The Ravens’ longest road trip this season is to Houston when they face the Texans in Week 2. In a year full of travel restrictions, their schedule is full of I-95 bus rides (Philly, Washington) and short flights (Indianapolis, New England). They will take short jaunts to and from most games on gameday: no jet lag, no hotel quarantines.

John Breech at CBSSports.com published each team’s travel mileage back in June. The Ravens will travel just 6,420 total miles this year. Their AFC North Rivals the Steelers (6,600) and Browns (7,342) are next on the list, as is often the case: AFC North cities are centrally located and close to one another.

On the flip side, the Seahawks will travel 28,982 miles this season, with early-kickoff road games in Miami, Buffalo, Washington D.C. and Atlanta. It’s hard enough playing football at what feels like 10 a.m. PT time. Doing it after rushing into town the night before and being hermetically sealed in a hotel room won’t be any easier.

Even when teams are at home, there will be a pronounced difference this season between practicing in a spacious, state-of-the-art, digitally-equipped, well-ventilated facility and some 1950s sweat dungeon or a glorified Danny’s Free Weights that the owner threw together from his leftover yacht redecoration budget.

In fairness, most teams have modernized their facilities over the last decade or so, and even the Washington Football Team’s headquarters (as opposed to their concrete veggie spinner of a stadium) are pretty fetch. Just keep in mind the differences in little things like the size of the locker rooms will be much more pronounced in 2020 than a typical year.

Football Organizations Need Organization

Franchises that stay near the top of the standings for decades like the Patriots, Ravens, Steelers and Eagles typically do just about everything well: not only are their coaches and general managers great, but they often have the best travel secretaries, IT departments, weight room sanitation procedures, and so forth.

Franchises that are lucky to sneak into the playoffs once per decade, meanwhile, often have owners who fire the ticket takers during mood swings, and that seeps down to every level of the organization.

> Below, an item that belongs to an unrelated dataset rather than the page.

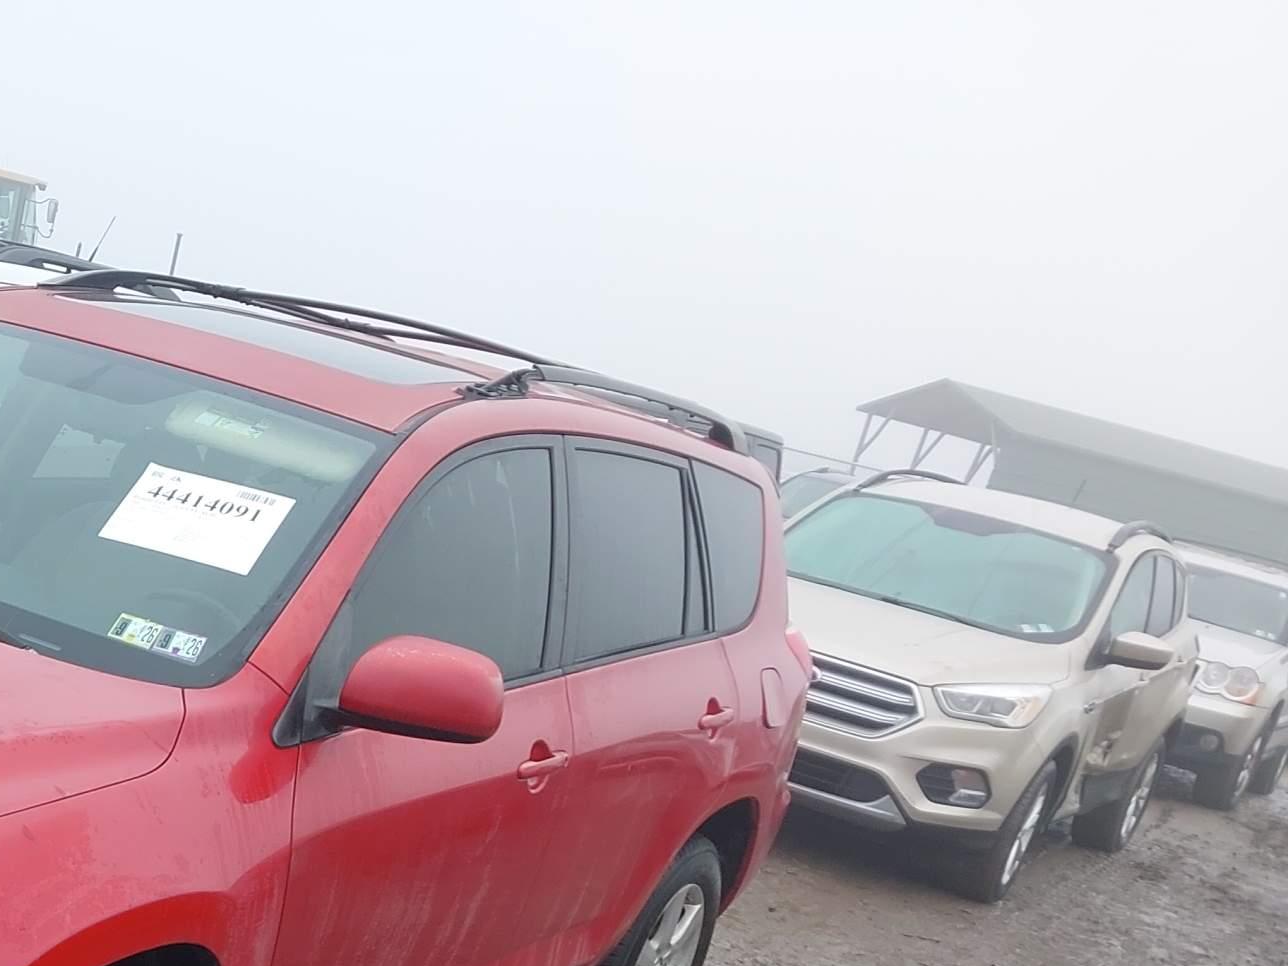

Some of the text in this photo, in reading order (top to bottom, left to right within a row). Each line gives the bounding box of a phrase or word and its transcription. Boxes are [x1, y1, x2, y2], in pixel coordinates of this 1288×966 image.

In a typical year, the difference between great at little things like making travel comfortable, weekly meetings livelier or payroll questions easier to answer might count for about 0.005 wins in the standings. This year, that might creep up to 0.05 wins. But factor in more important skills, like the ability to grab the best plug ‘n’ play linebacker off waivers, and the edge that well-run organizations will possess this year becomes more pronounced.

Times of turmoil and transition always favor the best prepared, best organized, most logical and coolest under fire. Football itself also favors those individuals and franchises.

This season may be full of disruptions, adjustments and anxieties, but when it comes to the final standings, the impact of COVID-19 is unlikely to result in many surprises.